Marlo Todd L, Giuliano Elizabeth A, Moore Cecil P, Shaw Gillian C, Teixeira Leandro B C
Department of Veterinary Medicine and Surgery, College of Veterinary Medicine, University of Missouri, Columbia, MO, USA.
School of Veterinary Medicine, University of Wisconsin-Madison, Madison, WI, USA.
Vet Ophthalmol. 2018 Mar;21(2):205-209. doi: 10.1111/vop.12458. Epub 2017 Jan 17.
An eleven-year-old, female spayed Boxer dog was diagnosed with a uveal schwannoma (formerly known as the spindle cell tumor of the blue-eyed dog or SCTBED) despite having a uniformly brown iris.
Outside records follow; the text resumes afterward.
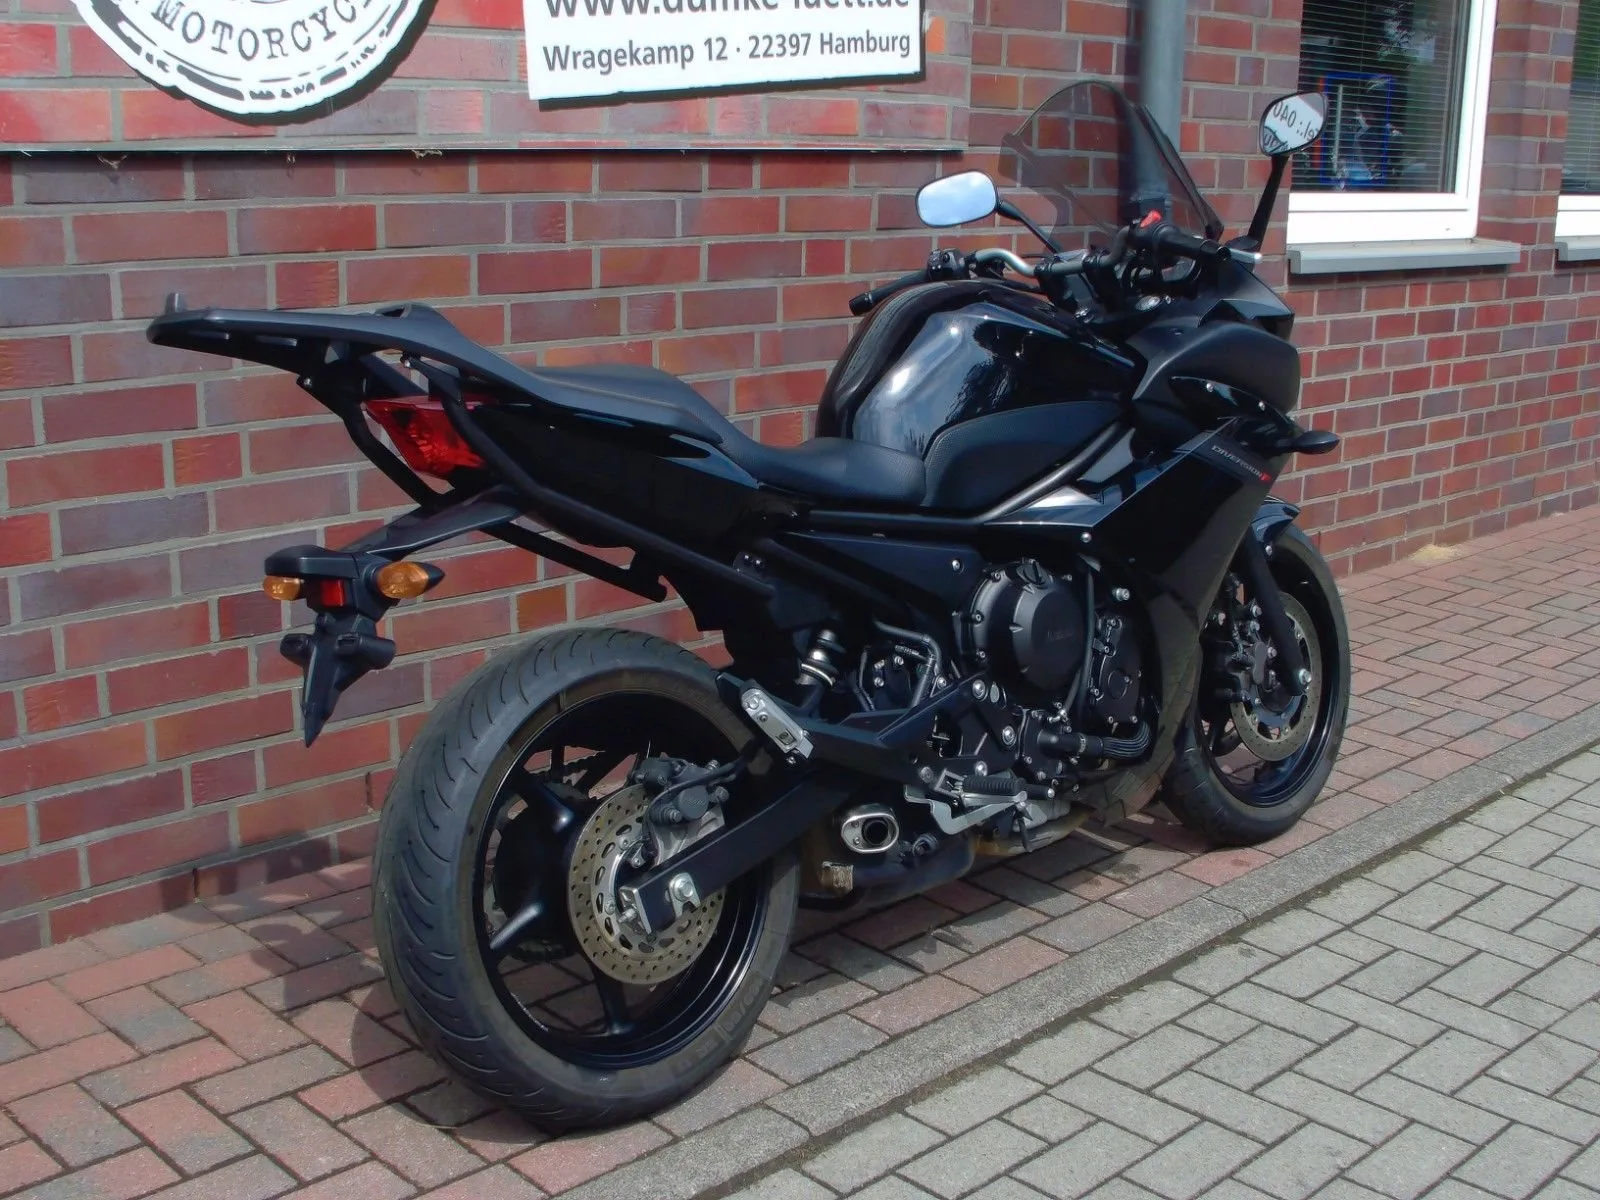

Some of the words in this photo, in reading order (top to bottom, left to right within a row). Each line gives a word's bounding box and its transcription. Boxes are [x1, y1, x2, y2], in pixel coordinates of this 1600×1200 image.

[150, 0, 371, 60] MOTORCYC
[542, 39, 694, 76] Wragekamp
[703, 36, 728, 61] 12
[748, 33, 812, 59] 22397
[819, 29, 910, 58] Hamburg
The patient presented to emergency for ocular discomfort, and the right globe was subsequently enucleated due to glaucoma and submitted for histopathology. Upon histopathologic evaluation, a uveal schwannoma was diagnosed and confirmed with immunohistochemical staining. Complete metastatic evaluation 1 and 6 months after initial presentation did not reveal evidence of metastasis, and the dog remains systemically healthy. This case represents a unique variant of uveal schwannoma and is relevant because although the vast majority of these tumors occur in blue-eyed dogs, clinicians should not completely rule out this tumor as a differential based on the iris color.